» TASK DIRECTIONS: Copy out each entry below verbatim, skipping the images.
--- DATA EXCERPTS ---
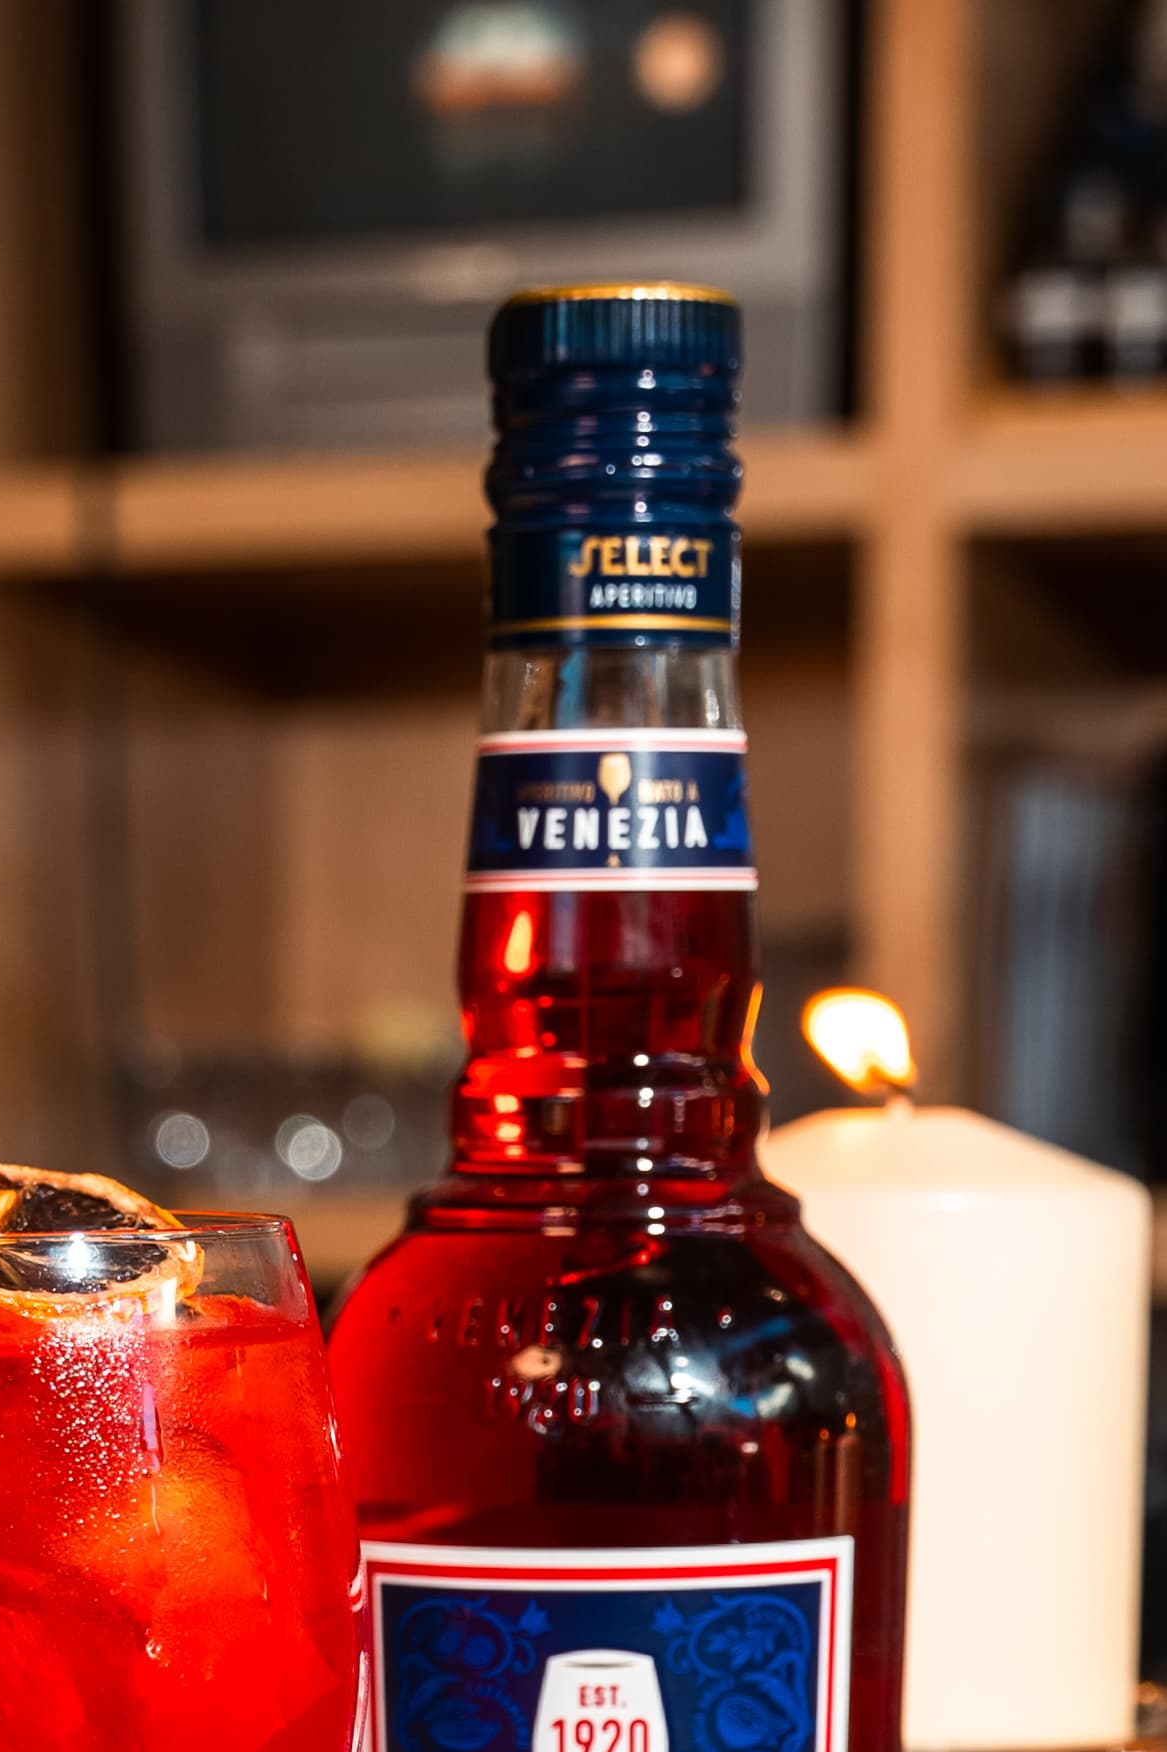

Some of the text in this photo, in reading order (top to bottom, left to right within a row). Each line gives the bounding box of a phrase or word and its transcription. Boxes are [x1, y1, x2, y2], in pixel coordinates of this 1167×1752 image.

[568, 536, 712, 577] SELECT
[589, 583, 697, 609] APERITIVO
[517, 805, 708, 850] VENEZIA
[578, 1684, 628, 1709] EST.
---
» SOLUTION:
Some of the text in this photo, in reading order (top to bottom, left to right within a row). Each line gives the bounding box of a phrase or word and its transcription. Boxes are [x1, y1, x2, y2], in pixel coordinates of this 1167×1752 image.

[568, 536, 712, 577] SELECT
[589, 583, 697, 609] APERITIVO
[517, 805, 708, 850] VENEZIA
[578, 1684, 628, 1709] EST.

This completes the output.